(ATTN: UPDATES with more info in 4-5 paras and the latest tally in last para)
By Lee Chi-dong
SEOUL, Feb. 25 (Yonhap) -- President Moon Jae-in on Tuesday set this week as a deadline for a "clear turning point" in desperate efforts to counter the COVID-19 outbreak on a visit to Daegu, the source of the recent rapid proliferation of the deadly virus in South Korea.
He described the situation as "very grave" and said it is not enough to declare the city, 300 kilometers southeast of Seoul, as a "special disaster zone."
His government earlier designated the city of 2.5 million people and Cheongdo, a nearby county, as a "special care zone" due to a sharp uptick in the number of confirmed cases there over the past several days. Hundreds of people, largely followers of the Shincheonji religious group, have been diagnosed with the virus. Their Daegu church is presumed to be the epicenter of the local outbreak.
Health authorities said more than half of 977 confirmed cases are linked to Shincheonji.
The government also said it will check every member of the group for the COVID-19 virus.
Moon's remarks indicated that his administration is considering designating Daegu, probably along with some adjacent areas, as a special disaster zone eligible for speedy financial and other administrative support with minimized red tape.
"The government will muster pan-national capabilities and win the fight against the virus together with Daegu and North Gyeongsang Province," he said.
To that end, he added, there should be a "clear turning point this week in the upward trend of the number of confirmed patients."
He emphasized the importance of time and speed.
The president pledged "sufficient" financial support for quarantine measures that would be reflected in the government's proposal of an emergency supplementary budget.
"This region is facing multiple crises, literally," he said. "The government is seeking special support measures to alleviate the socioeconomic damage that Daegu and North Gyeongsang Province are suffering."
Prime Minister Chung Sye-kyun plans to stay in Daegu for the time being, spearheading the onsite response, according to Moon.
He also sought to dispel public "misunderstanding" that the government may be trying to lock down the area.
Earlier in the day, Cheong Wa Dae, the government and the ruling Democratic Party held a trilateral policy consultation meeting in Seoul and agreed to take "maximum" quarantine measures over Daegu and the neighboring province.

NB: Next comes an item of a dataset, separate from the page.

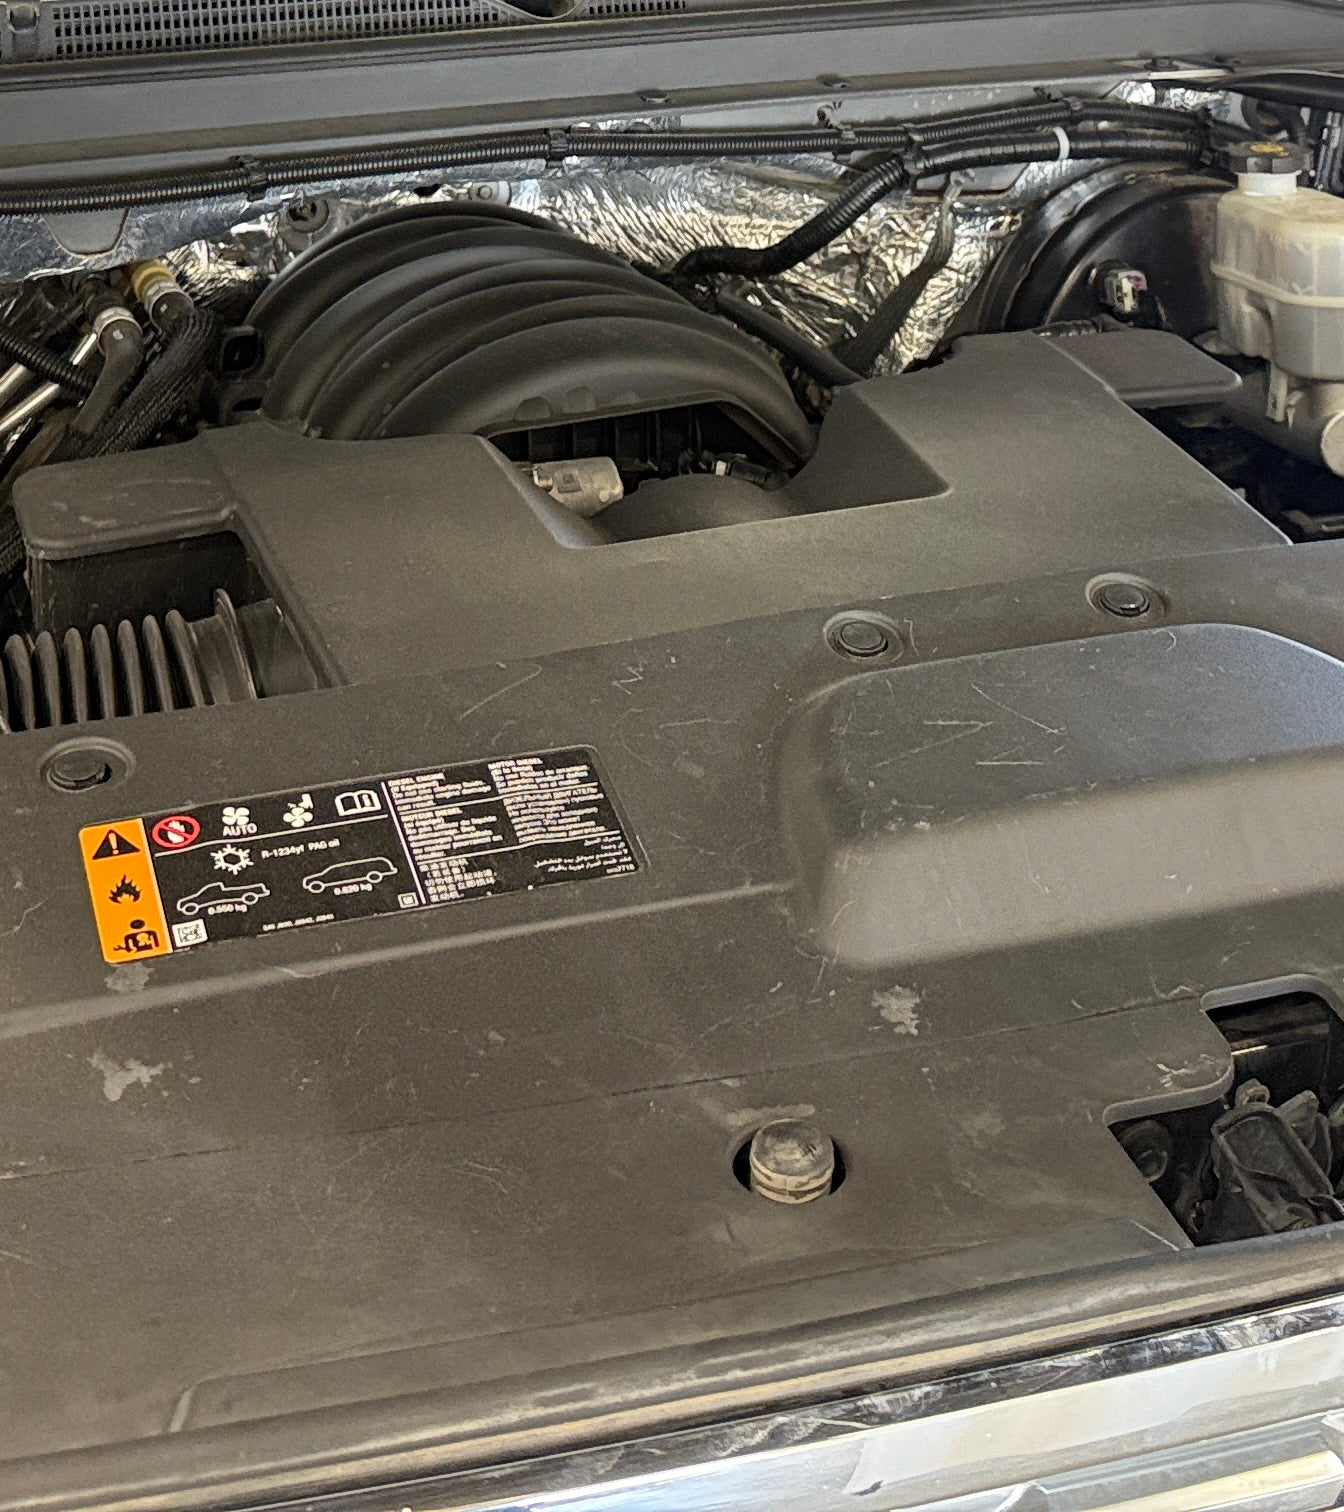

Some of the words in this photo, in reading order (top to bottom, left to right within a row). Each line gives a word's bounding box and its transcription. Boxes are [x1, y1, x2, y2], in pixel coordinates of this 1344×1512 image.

[222, 822, 257, 836] AUTO
[261, 842, 305, 860] R-1234yf
[308, 840, 327, 851] PAG
[328, 838, 340, 849] oil

The use of the word triggered uproar among local residents.
Moon said it does not mean the "lockdown" of a specific area.
"I would like to make clear that it's to curb the spread and proliferation (of the virus) to the maximum," Moon said on his first trip to Daegu since the virus outbreak.

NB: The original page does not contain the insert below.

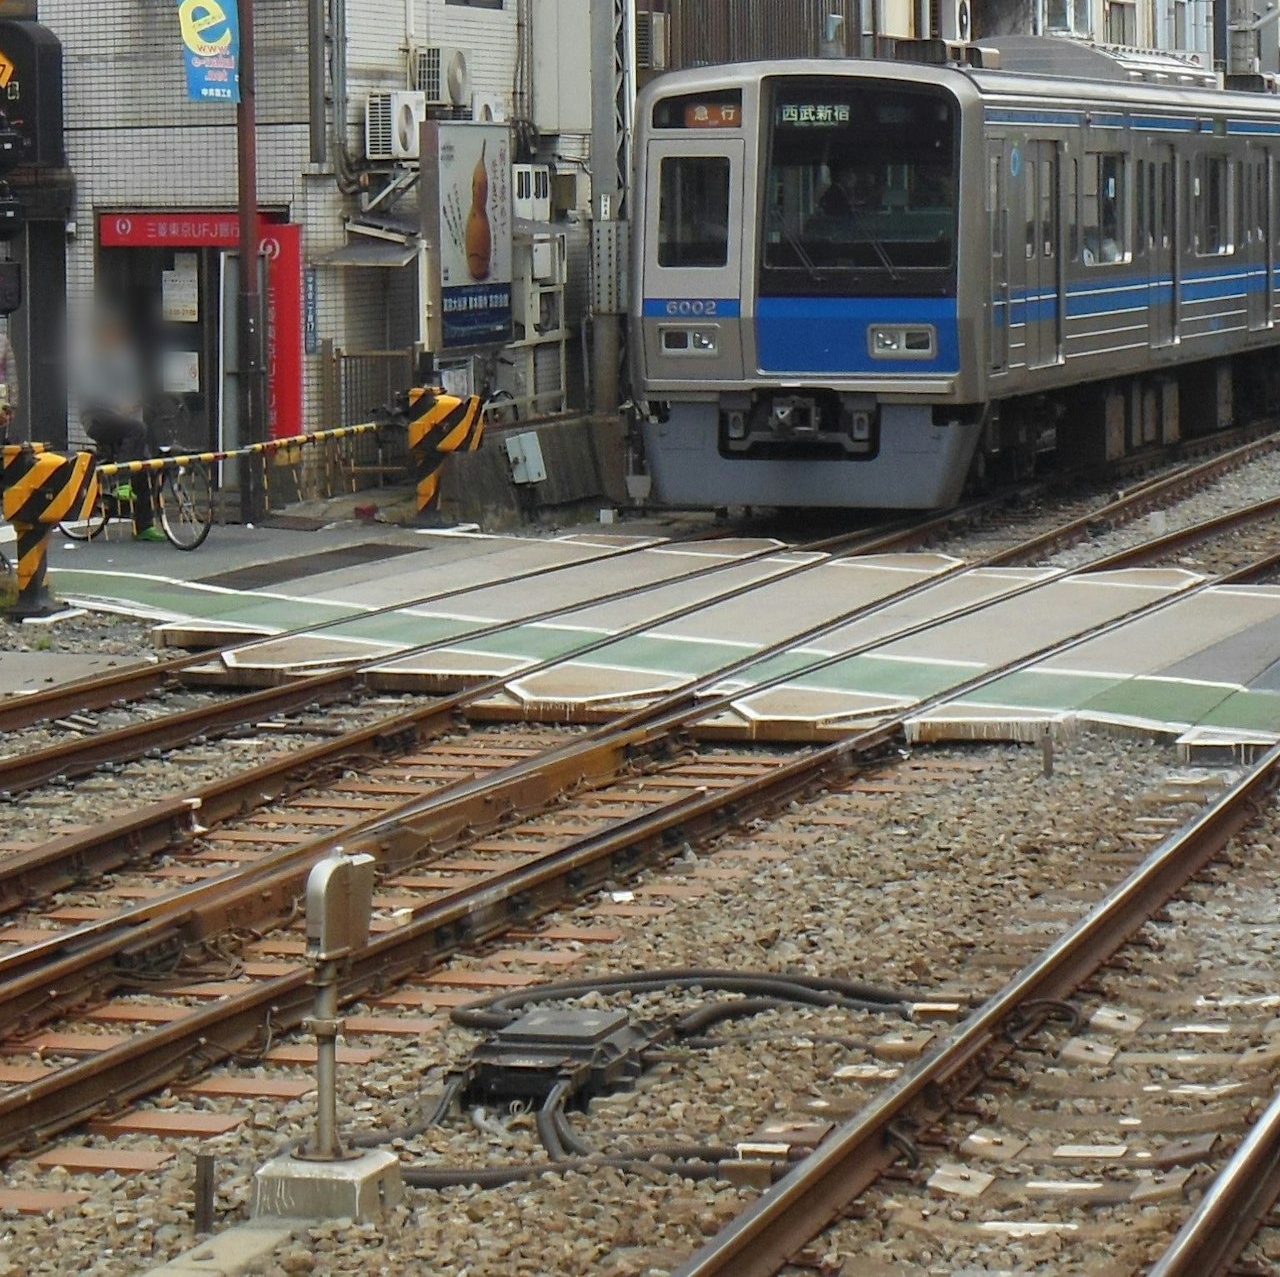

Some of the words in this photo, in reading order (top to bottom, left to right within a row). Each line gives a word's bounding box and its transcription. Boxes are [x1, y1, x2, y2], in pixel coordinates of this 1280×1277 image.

[694, 105, 736, 121] 急行
[782, 104, 851, 122] 西武新宿
[666, 300, 717, 315] 6002

He then inspected Daegu Medical Center and met with a group of small shop owners in the city.
Moon pointed out that the world does not yet know exactly what the novel coronavirus is.

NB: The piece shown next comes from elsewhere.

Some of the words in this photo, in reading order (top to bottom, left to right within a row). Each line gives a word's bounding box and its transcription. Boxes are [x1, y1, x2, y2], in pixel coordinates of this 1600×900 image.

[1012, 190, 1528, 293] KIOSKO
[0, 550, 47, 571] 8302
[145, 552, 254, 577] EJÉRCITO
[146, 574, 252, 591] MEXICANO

"We got to know a little bit, but we still don't know its entire characteristics," he said, expressing worries about the economic effects of the epidemic that hit the nation at a time when its economy was showing some signs of recovery.
"The economy has worsened quickly due to a sudden rise in the number of confirmed patients attributable to massive infections this time," he added. "The government regards the economic difficulty of Daegu as a problem of the whole Republic of Korea, not that of the city alone."
Wrapping up his hourslong schedule in Daegu, Moon noted that the region is going through "unprecedented difficulties" and said the government's resolve to support it is "unprecedentedly" strong, according to Cheong Wa Dae spokesperson Kang Min-seok.
South Korea had reported a total of 977 confirmed COVID-19 cases, including 11 deaths, as of Tuesday. Most of the patients reside in Daegu or the province around the city.